4

I have a rake task that I need to run on Heroku in the background as a one off task. However the tasks is pretty large and I run into a 'Error R14 (Memory Quota Exceeded)` and was hoping I could get some tips on how I can avoid this.

Essentially the task looks at the Products table and find products that have no images Product.where(images: nil). The task then cycles through each entry; using product.url it opens a connection to a remote website (using Nokogiri) and pulls the images and some additional data. The images are resized using mini_magick and saved to an S3 Bucket using carrierwave.

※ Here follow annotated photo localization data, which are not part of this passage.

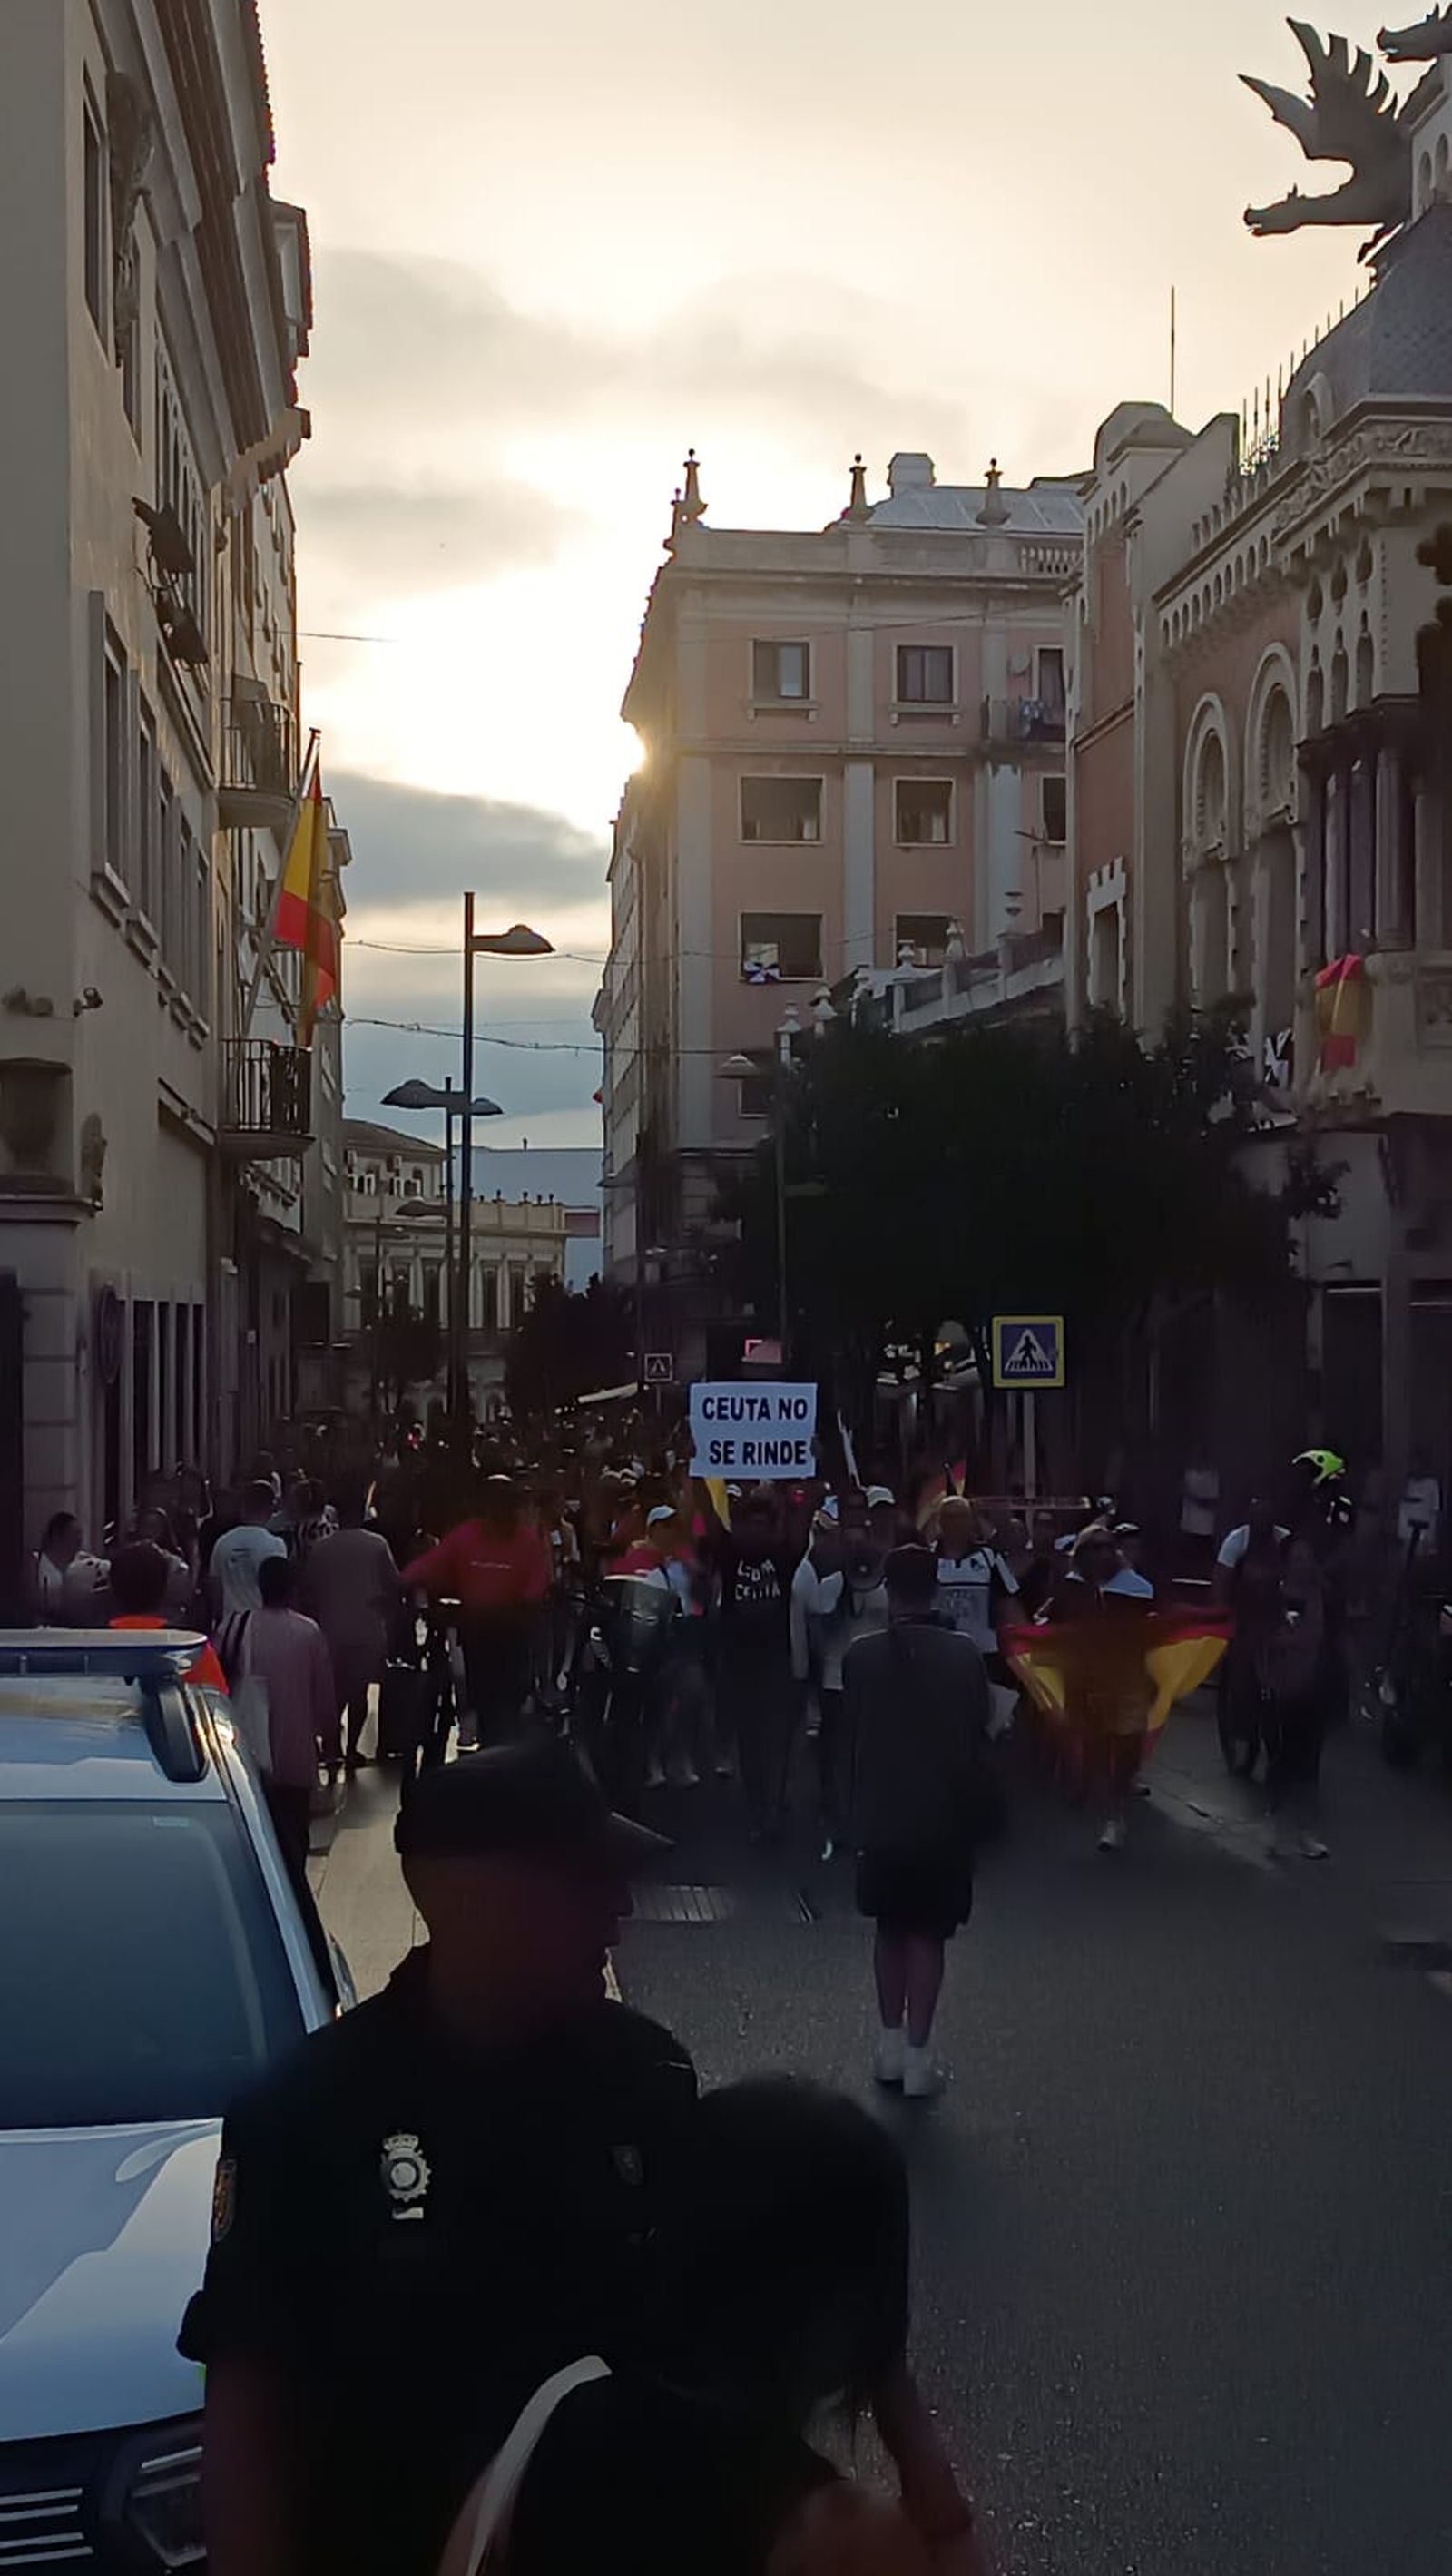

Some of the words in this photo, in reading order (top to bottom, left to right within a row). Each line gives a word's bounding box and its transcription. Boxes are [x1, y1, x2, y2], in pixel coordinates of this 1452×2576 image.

[701, 1397, 770, 1421] CEUTA
[778, 1398, 808, 1421] NO
[709, 1440, 735, 1465] SE
[742, 1440, 807, 1466] RINDE
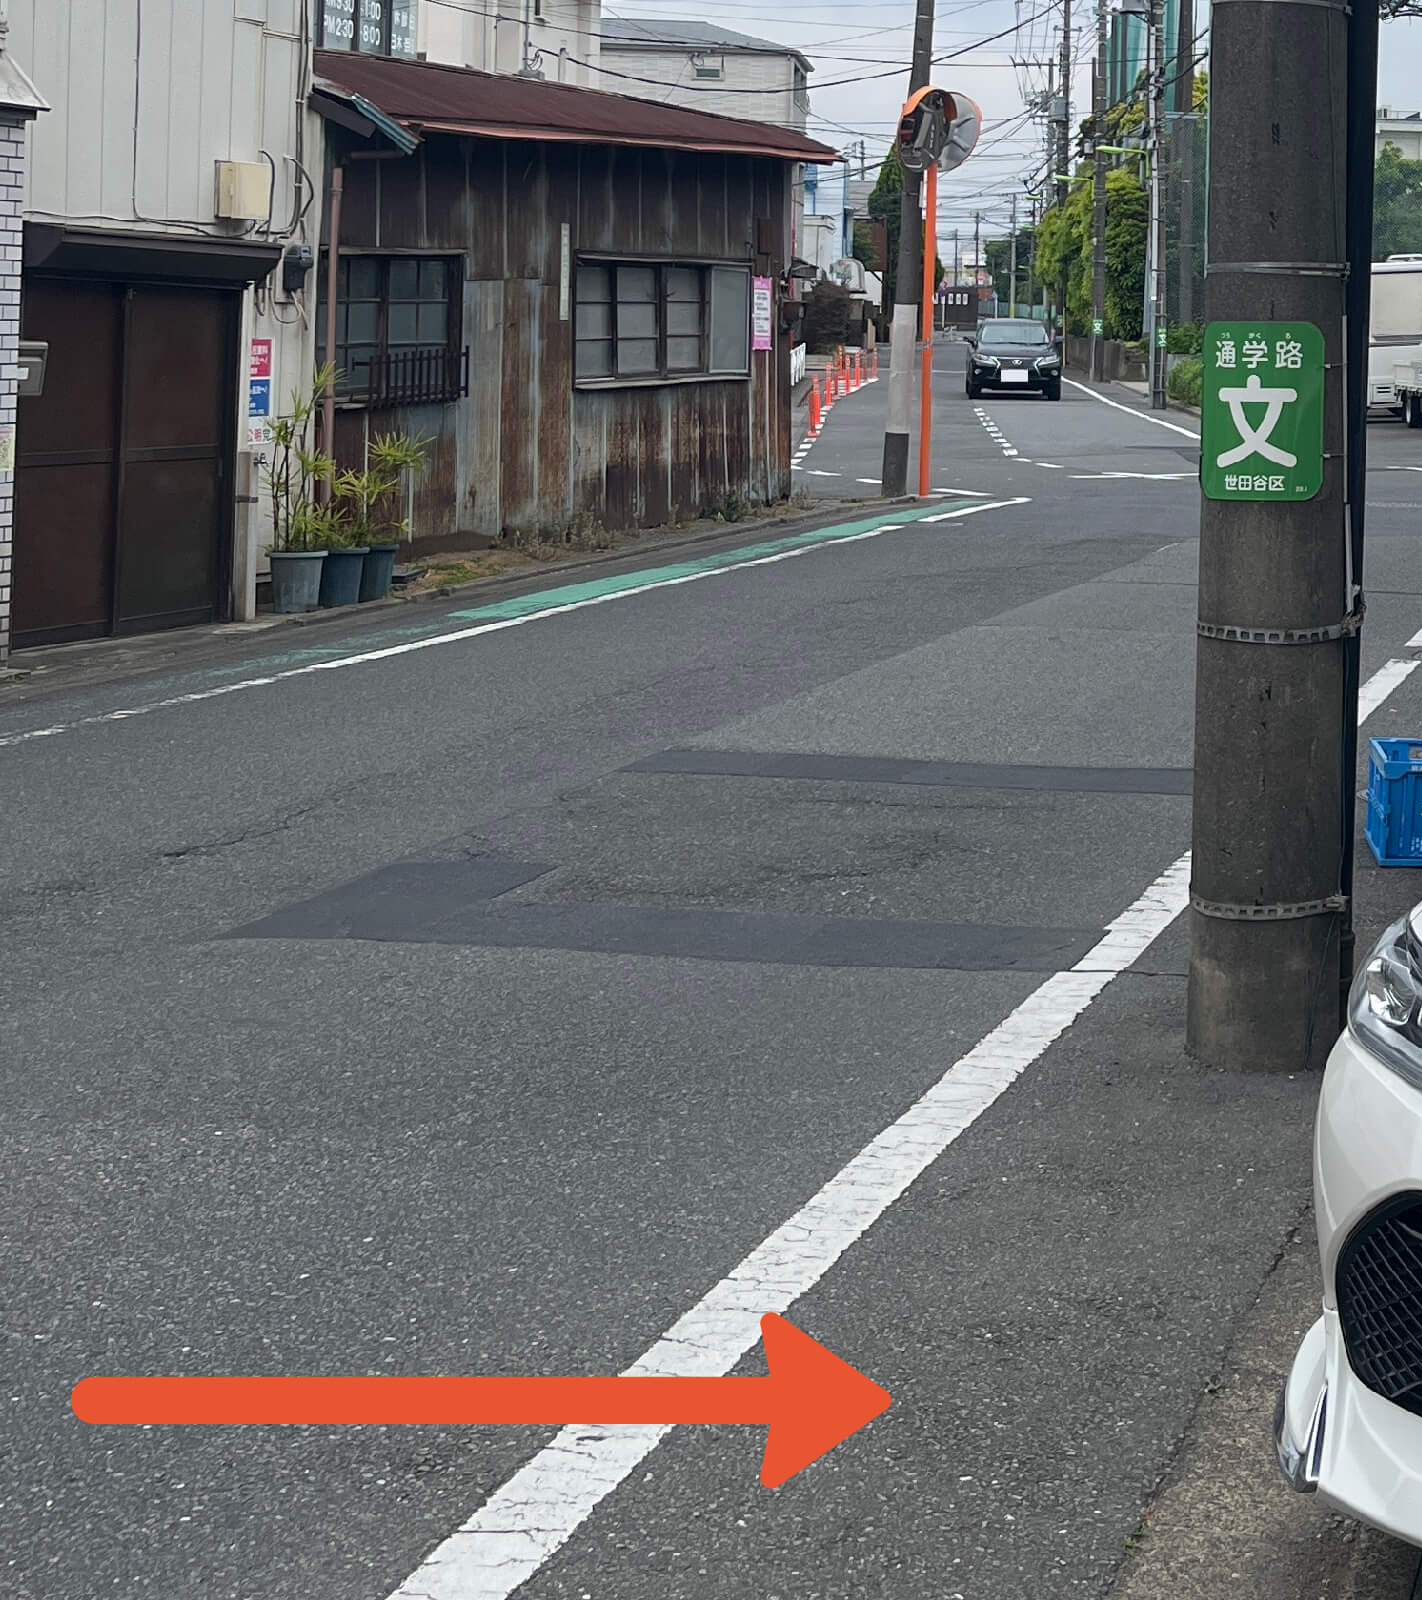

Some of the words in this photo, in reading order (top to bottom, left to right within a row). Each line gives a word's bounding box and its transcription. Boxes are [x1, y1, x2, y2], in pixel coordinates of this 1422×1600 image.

[1216, 340, 1303, 368] 通学路
[1216, 374, 1298, 468] 文
[1224, 474, 1285, 491] 世田谷区
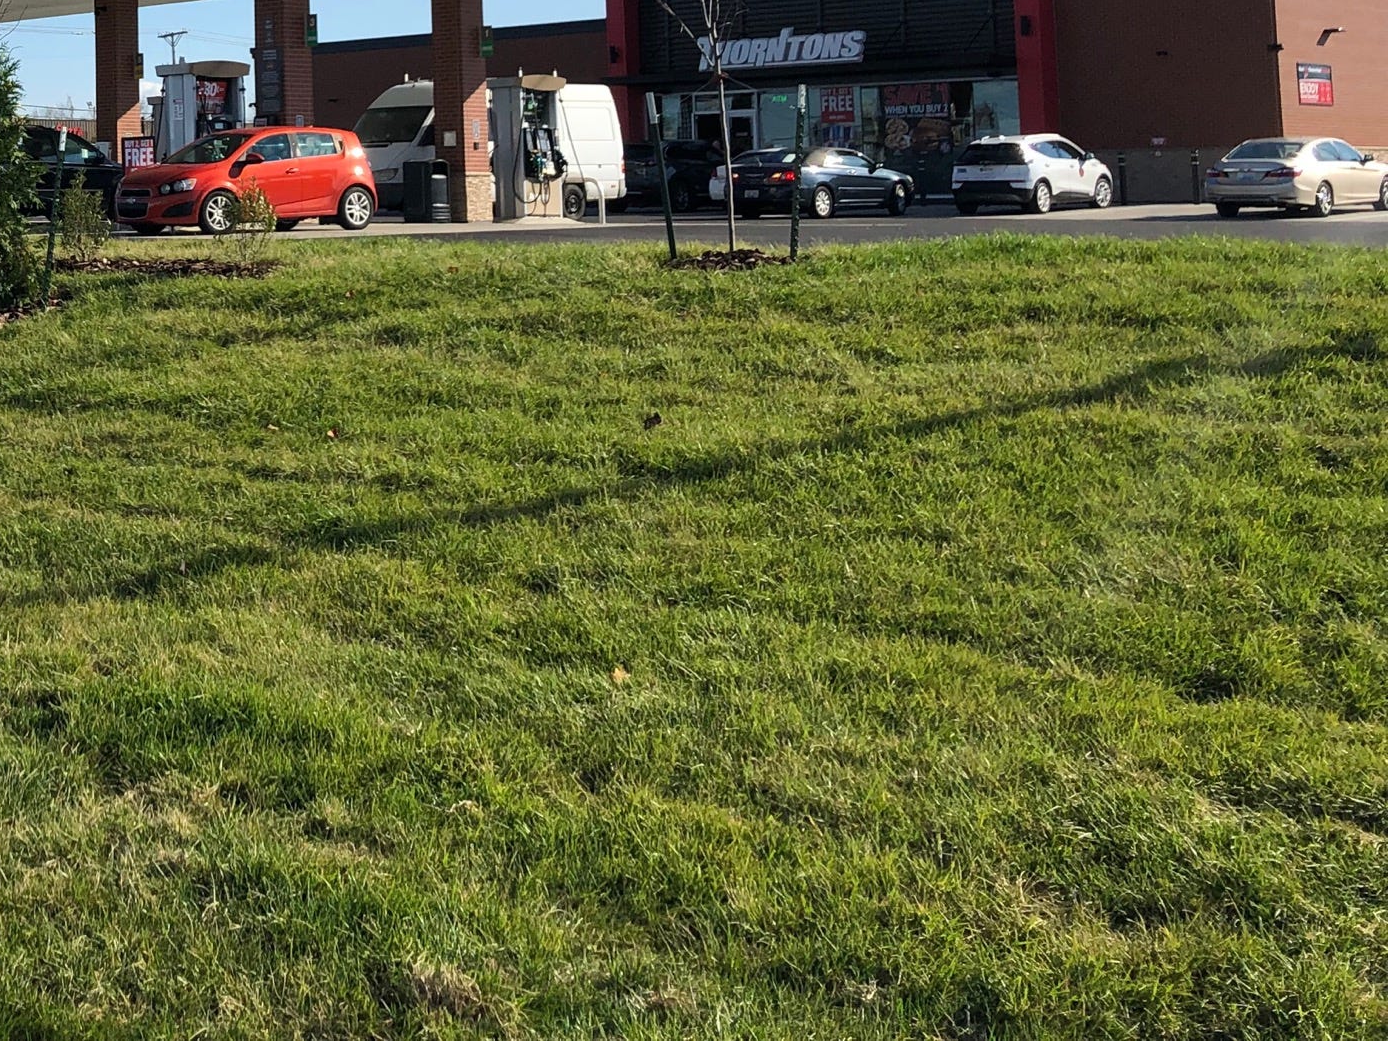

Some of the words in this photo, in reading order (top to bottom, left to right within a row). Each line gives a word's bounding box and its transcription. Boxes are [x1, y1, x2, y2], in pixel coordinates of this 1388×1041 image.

[822, 95, 853, 112] FREE
[884, 105, 908, 114] WHEN
[909, 104, 924, 113] YOU
[925, 103, 941, 113] BUY
[125, 148, 154, 167] FREE

I have about 39000 records that need processing, but after about 500 I get the Memory Quota Exceeded error and the task stops.

I can see why this is quite a memory intensive task, but I was wondering if anyone could point me in the right direction as to how I could clean up the memory after each record has been processed and saved (or even after every 100 records).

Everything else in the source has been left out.